Selain tingginya ongkos politik, sistem demokrasi sangat berpotensi menyuburkan korupsi. Bagaimana bisa? Slogan demokrasi “dari rakyat, oleh rakyat dan untuk rakyat” berpotensi menyalahgunakan suara rakyat. Memang faktanya suara rakyat bisa dengan mudah terbeli oleh mereka yang bermodal. Jadi sangat memungkinkan terjadi kolaborasi antara korporat dan legislatif menentkan kebijakan sesuai kepentingan mereka.

Tak sedikit para wakil rakyat menghasilkan produk undang-undang yang sarat kepentingan para korporat ataupun mereka pribadi. Misalnya undang-undang kemasyarakatan terkait remisi koruptor, mengingat tak sedikit napi koruptor yang dulunya menjabat sebagai legislatif. Dari undang-undang tersebut terlihat sangat menguntungkan koruptor.

Dilansir dari laman Detik.com, (7/9/2022), Remisi artinya pengurangan masa menjalani pidana yang diberikan kepada narapidana yang memenuhi syarat sesuai dengan ketentuan peraturan perundang-undangan. Demikian pengertian remisi bagi narapidana secara umum yang termuat dalam Undang-Undang Nomor 22 Tahun 2022 tentang Pemasyarakatan. Sementara remisi koruptor adalah remisi yang diberikan kepada narapidana korupsi. Remisi koruptor memiliki aturan sendiri yang apabila napi koruptor telah dapat memenuhi syarat-syarat tertentu maka dapat memperoleh remisi alias pengurangan masa menjalani jabatan sebagai narapidana korupsi.

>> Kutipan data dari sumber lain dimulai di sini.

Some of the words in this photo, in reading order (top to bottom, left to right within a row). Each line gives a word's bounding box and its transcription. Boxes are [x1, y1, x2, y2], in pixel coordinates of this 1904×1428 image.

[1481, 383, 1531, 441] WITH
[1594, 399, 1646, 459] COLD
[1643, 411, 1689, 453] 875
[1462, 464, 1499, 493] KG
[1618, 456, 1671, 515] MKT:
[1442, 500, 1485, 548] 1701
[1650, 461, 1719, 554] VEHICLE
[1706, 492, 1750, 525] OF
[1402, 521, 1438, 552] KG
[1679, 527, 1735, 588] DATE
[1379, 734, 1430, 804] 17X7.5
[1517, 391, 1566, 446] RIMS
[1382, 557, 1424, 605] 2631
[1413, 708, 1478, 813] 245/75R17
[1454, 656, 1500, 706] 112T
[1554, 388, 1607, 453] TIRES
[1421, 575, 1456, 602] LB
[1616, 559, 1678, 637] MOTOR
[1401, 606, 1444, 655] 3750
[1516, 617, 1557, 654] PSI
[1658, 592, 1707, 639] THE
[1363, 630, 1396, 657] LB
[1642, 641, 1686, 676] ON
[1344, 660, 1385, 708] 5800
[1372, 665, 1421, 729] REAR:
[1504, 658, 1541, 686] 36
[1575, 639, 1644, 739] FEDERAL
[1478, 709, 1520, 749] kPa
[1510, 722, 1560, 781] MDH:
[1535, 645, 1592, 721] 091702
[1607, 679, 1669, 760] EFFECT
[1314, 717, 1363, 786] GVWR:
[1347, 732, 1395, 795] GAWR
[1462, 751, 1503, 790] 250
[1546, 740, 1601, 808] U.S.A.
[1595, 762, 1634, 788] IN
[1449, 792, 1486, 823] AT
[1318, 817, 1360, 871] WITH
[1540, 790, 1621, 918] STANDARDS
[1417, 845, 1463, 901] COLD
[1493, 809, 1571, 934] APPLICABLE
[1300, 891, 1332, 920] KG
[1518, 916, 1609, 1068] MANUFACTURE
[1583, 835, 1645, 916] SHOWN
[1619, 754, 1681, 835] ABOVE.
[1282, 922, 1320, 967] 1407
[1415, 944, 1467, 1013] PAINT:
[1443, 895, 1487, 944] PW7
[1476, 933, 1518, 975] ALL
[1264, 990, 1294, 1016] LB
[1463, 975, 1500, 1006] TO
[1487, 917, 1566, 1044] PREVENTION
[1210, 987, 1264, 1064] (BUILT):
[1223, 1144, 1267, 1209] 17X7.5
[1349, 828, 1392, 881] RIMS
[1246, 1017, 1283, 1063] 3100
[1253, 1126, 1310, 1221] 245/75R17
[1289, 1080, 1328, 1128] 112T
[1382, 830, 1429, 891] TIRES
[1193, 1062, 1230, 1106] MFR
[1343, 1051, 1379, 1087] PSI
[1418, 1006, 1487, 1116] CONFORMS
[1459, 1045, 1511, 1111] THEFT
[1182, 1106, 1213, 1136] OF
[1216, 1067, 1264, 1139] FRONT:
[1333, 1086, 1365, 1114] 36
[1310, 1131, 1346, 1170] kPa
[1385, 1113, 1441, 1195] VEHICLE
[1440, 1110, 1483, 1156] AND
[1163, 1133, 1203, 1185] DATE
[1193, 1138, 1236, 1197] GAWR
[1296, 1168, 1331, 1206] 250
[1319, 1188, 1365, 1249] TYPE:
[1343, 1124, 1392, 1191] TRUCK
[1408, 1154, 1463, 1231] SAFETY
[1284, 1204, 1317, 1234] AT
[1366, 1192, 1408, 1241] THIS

Selain mendapat remisi eks koruptor juga berhak mendaftar sebagai calon legislatif. Tak heran meski pernah tersandung kasus korupsi masih bisa mencalonkan diri sebagai calon pejabat. Padahal si calon tersebut cacat secara moral.

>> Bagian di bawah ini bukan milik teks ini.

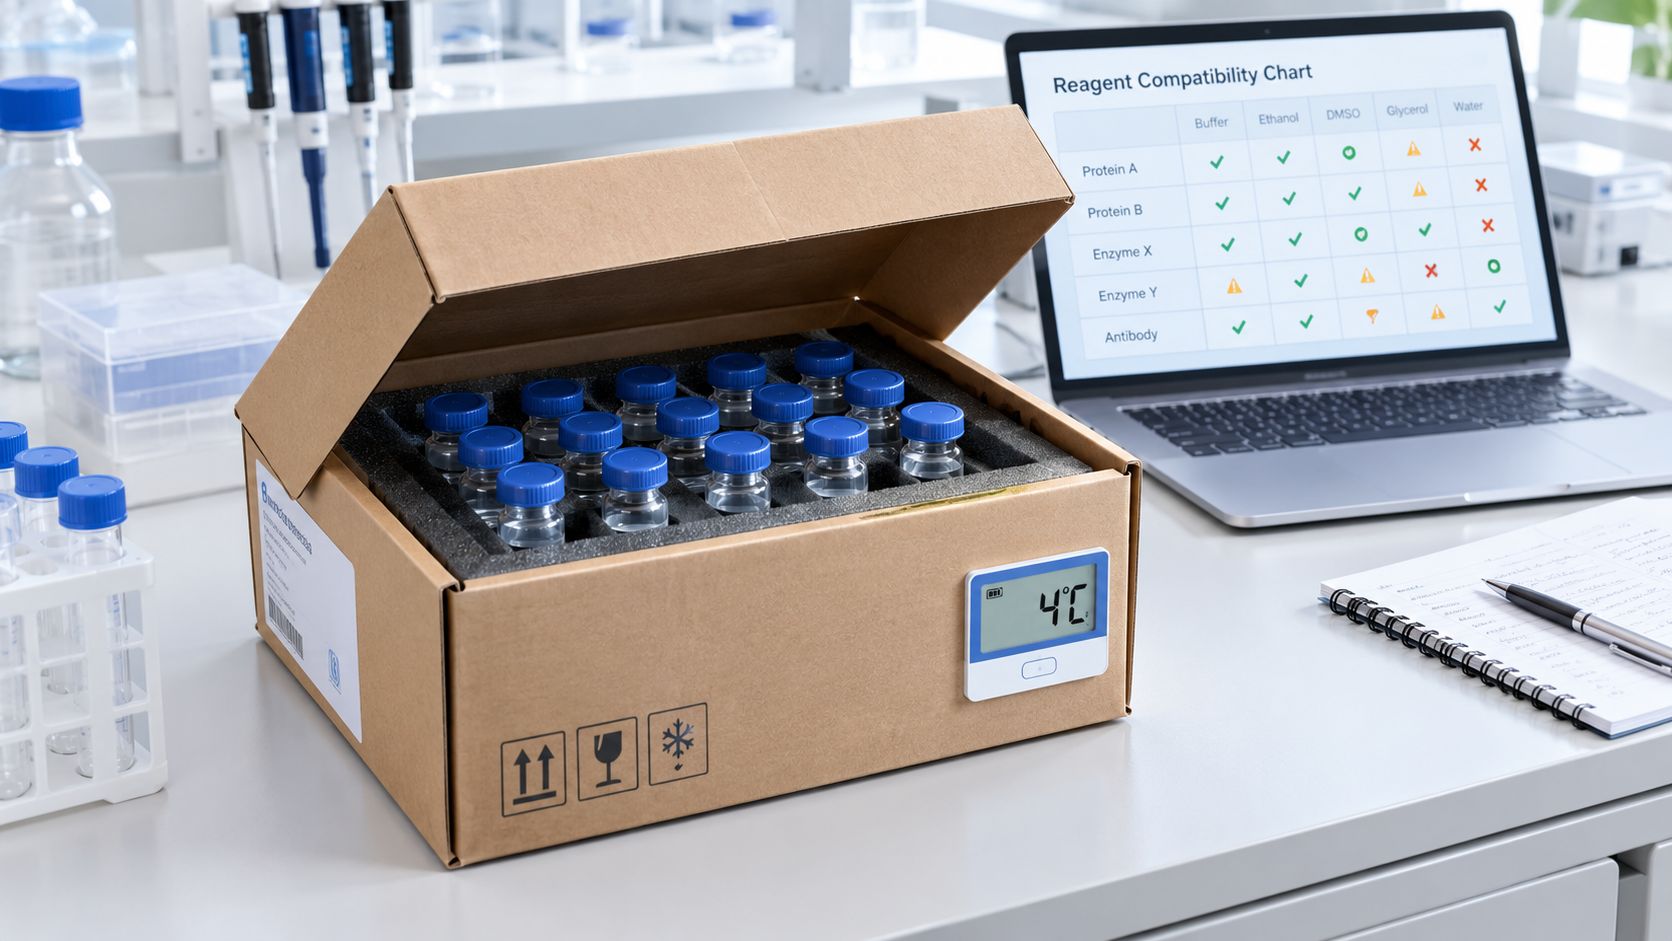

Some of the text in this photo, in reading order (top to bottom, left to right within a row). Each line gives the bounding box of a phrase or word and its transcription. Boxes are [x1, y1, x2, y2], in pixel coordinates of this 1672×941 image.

[1053, 64, 1313, 96] Reagent Compatibility Chart
[1326, 107, 1361, 121] DMSO
[1386, 103, 1429, 118] Glycerol
[1453, 101, 1484, 113] Water
[1195, 116, 1229, 129] Buffer
[1258, 111, 1300, 125] Ethanol
[1083, 163, 1138, 177] Protein A
[1088, 204, 1143, 219] Protein B
[1093, 245, 1153, 262] Enzyme X
[1099, 286, 1158, 304] Enzyme Y
[1105, 328, 1158, 343] Antibody
[1040, 583, 1088, 626] 4°C

Publik kini tengah menyoroti soal eks napi korupsi atau koruptor yang ternyata masih bisa menjadi calon anggota legislatif (caleg) di DPR, DPRD, dan DPRD pada Pemilu 2024 mendatang. Hal itu dimungkinkan karena dari regulasi yang ada, termasuk UU Pemilu tidak melarang eks koruptor untuk kembali menjadi caleg.
Pasal 240 ayat (1) Undang-Undang Nomor 7 Tahun 2017 tentang Pemilihan Umum (UU Pemilu) mengatur soal persyaratan yang mesti dipenuhi untuk menjadi bakal caleg baik di tingkat DPR, DPRD provinsi, hingga DPRD kabupaten/kota. Hanya saja, pasal tersebut tidak spesifik melarang eks napi, termasuk dari kasus korupsi, untuk kembali maju menjadi caleg. Pada ketentuan Pasal 240 ayat 1 huruf g, hanya mengatur seorang mantan napi yang hendak mendaftarkan diri, wajib mengungkapkan ke publik kalau dirinya pernah dipidana serta telah selesai menjalani hukumannya (22/8/2022).

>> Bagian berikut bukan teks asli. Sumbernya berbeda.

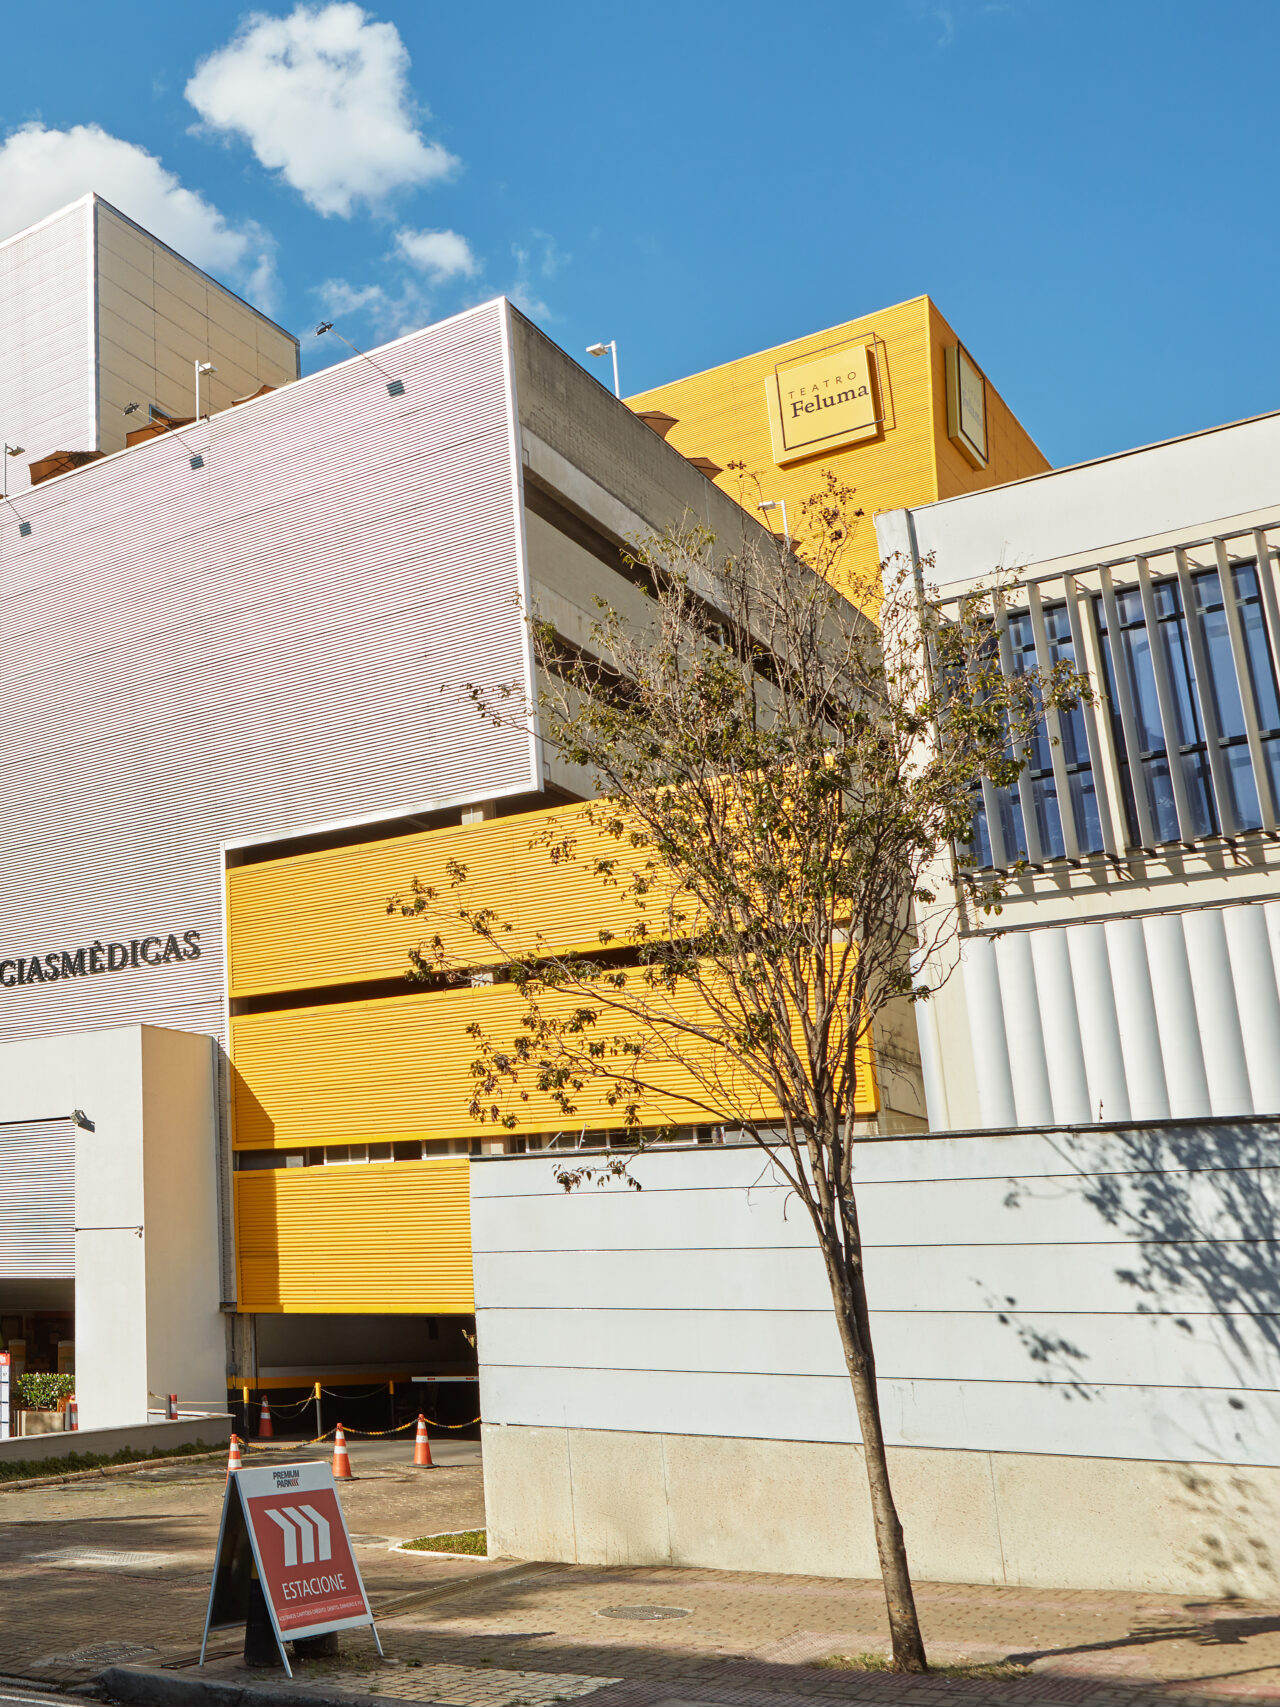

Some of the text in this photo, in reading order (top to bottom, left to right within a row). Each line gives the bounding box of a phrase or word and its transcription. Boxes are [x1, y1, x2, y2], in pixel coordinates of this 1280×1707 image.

Penampakan undang-undang pemilu memang terlihat memberi hak penuh kepada setiap individu meski terbukti atau mantan pelaku kriminal. Hal ini sangat disayangkan pasalnya berpotensi menyuburkan korupsi sebagai tindak pidana yang didominasi para pejabat.

Wajar sistem demokrasi melahirkan para koruptor. Karena memang tersuasanakan dengan dijaminnya kebebasan setiap individu untuk melakukan perbuatan yang didukung undang-undang. Apalagi sistem sanksi di negara demokrasi juga begitu lemah, tak berefek jera dan tak tegas.

Dalam ajaran Islam, korupsi termasuk kejahatan atau kemaksiatan. Sehingga pelakunya harus diberikan sanksi yakni hukuman takzir hingga hukuman mati. Tergantung penerapan sanksi oleh Khalifah.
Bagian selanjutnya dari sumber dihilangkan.